Study finds pregnancy stress affects fetal brain development

(ORDO NEWS) — Babies born to people who experience increased levels of anxiety, depression and stress during pregnancy show changes at 18 months in key brain characteristics that affect cognitive development, a study published Friday showed.

Babies whose mothers reported high levels of stress during pregnancy showed an increase in left hippocampal volume, according to magnetic resonance imaging of the brains of children included in the study, data published Friday in JAMA Network Open showed.

The hippocampus helps the brain process information and controls memory. The left hippocampus has been linked to brain function, learning and mental illness, studies show.

While the babies were in the womb, they experienced changes in the volume of the left hippocampus while they were still fetuses, the researchers said, which could explain the neurodevelopmental problems seen after birth.

After being born and growing into toddlers, these children may experience ongoing socio-emotional problems and difficulty in establishing positive relationships with others, including their mothers, the researchers say.

“By identifying pregnant women with increased levels of psychological distress, clinicians can identify those children who are at risk for subsequent neurodevelopmental disorders,” study co-author Katherine Limperopoulos said in a press release.

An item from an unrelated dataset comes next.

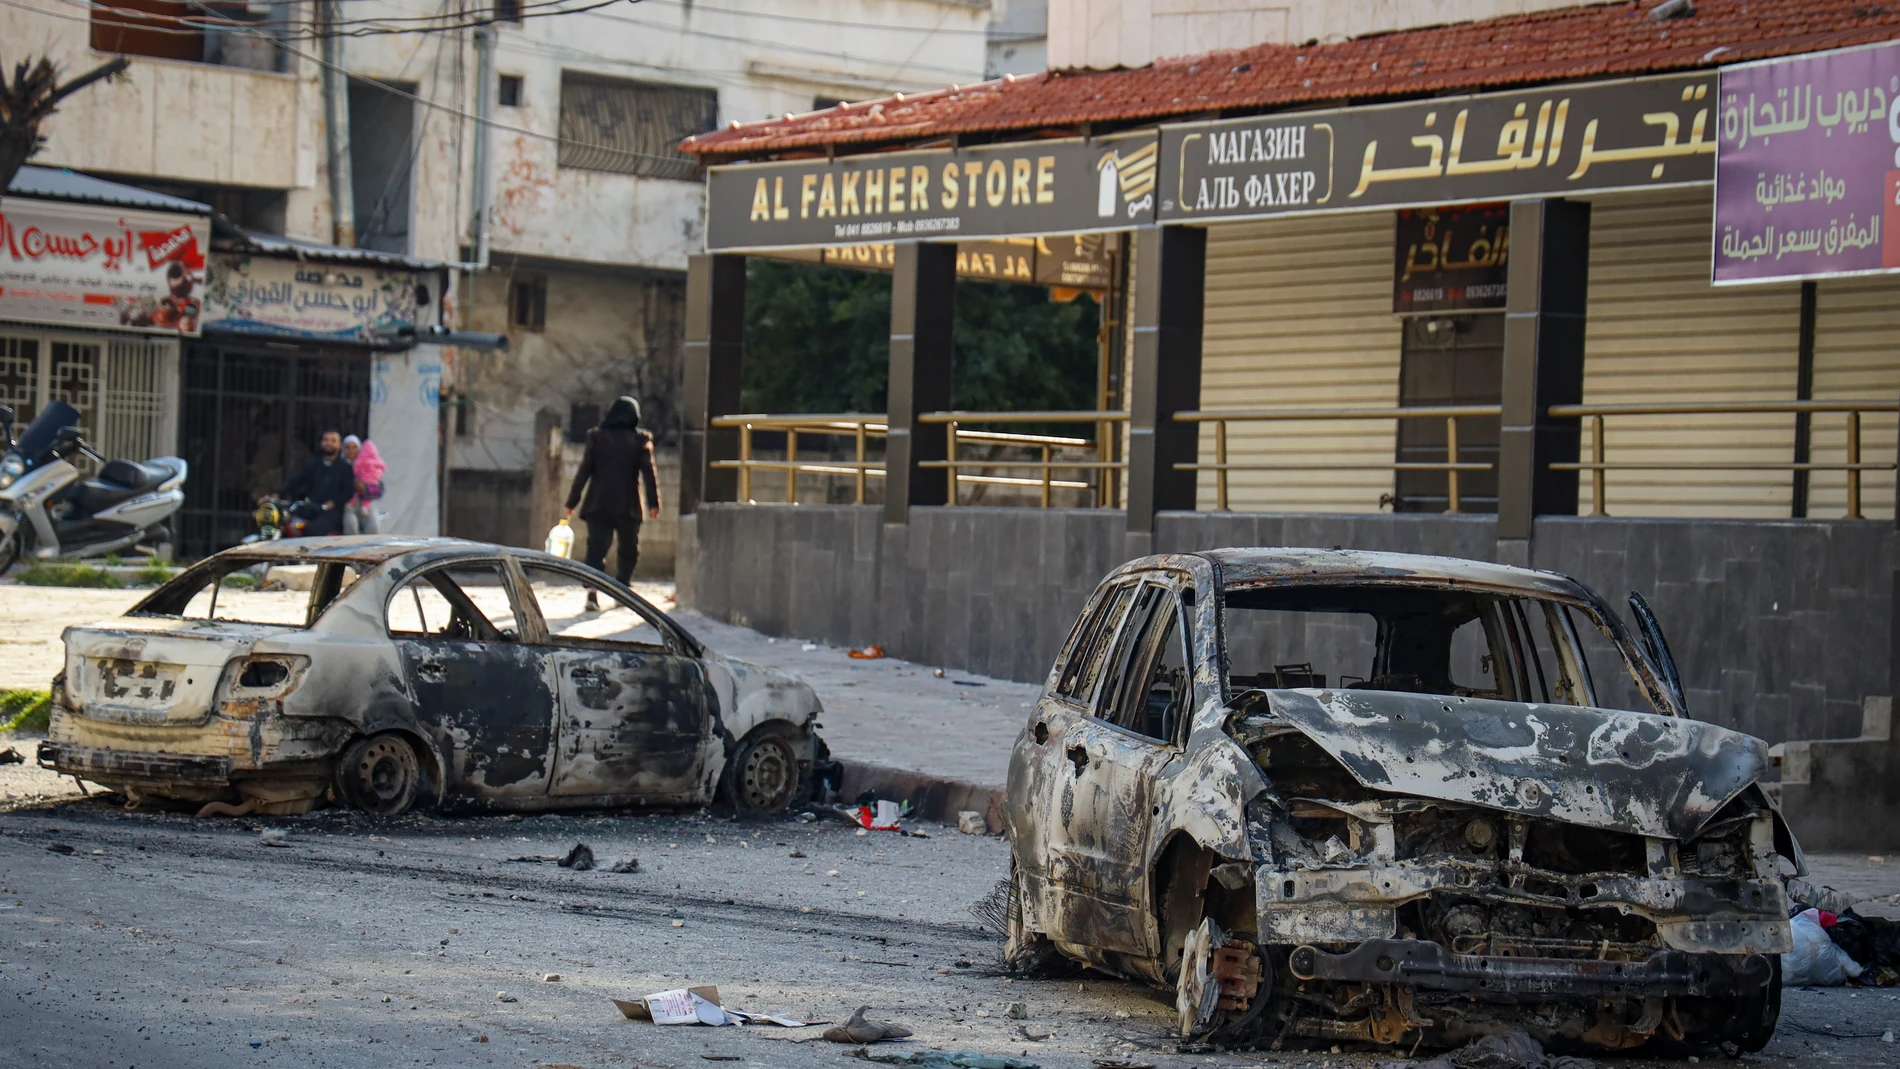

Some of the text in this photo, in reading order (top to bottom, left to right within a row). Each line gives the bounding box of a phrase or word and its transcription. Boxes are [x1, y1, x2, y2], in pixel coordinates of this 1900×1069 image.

These children “may benefit from early targeted intervention,” said Limperopoulos, director and director of the Developing Brain Institute at Children’s National Hospital in Washington, DC.

About one in four pregnant women suffers from stress-related symptoms, the most common pregnancy complication, according to the National Institutes of Health.

Stress among pregnant women may have been higher during the COVID-19 pandemic, contributing to a rise in stunted babies, studies show.

In this study, Limperopoulos and her colleagues followed 97 pregnant women and their children.

All of the pregnant participants were healthy, most of them had some level of education and were employed, the researchers said.

According to the researchers, validated self-reported questionnaires were used to measure levels of anxiety, depression, and stress in pregnant participants.

Fetal brain volumes were measured from 3D reconstructed MRI images, the researchers said.

Brain development at 18 months of age was measured using validated scales and ratings, the researchers said.

In addition to the impact of maternal stress during pregnancy, the findings suggest that persistent psychological distress after the birth of a child may influence parent-child interactions, they said.

An earlier study by the same group found that the anxiety of pregnant women affects the development of the brains of their children.

Other earlier studies have shown that maternal mental health alters the structure and biochemistry of the developing fetal brain.

All of this data highlights the importance of supporting the mental health of pregnant women, the researchers said.

“We are committed to changing the healthcare paradigm and implementing these changes on a larger scale to better support mothers,” Limperopoulos said.

“Clearly, early intervention can help mums reduce stress, which can positively impact symptoms and, by extension, the baby long after birth,” she said.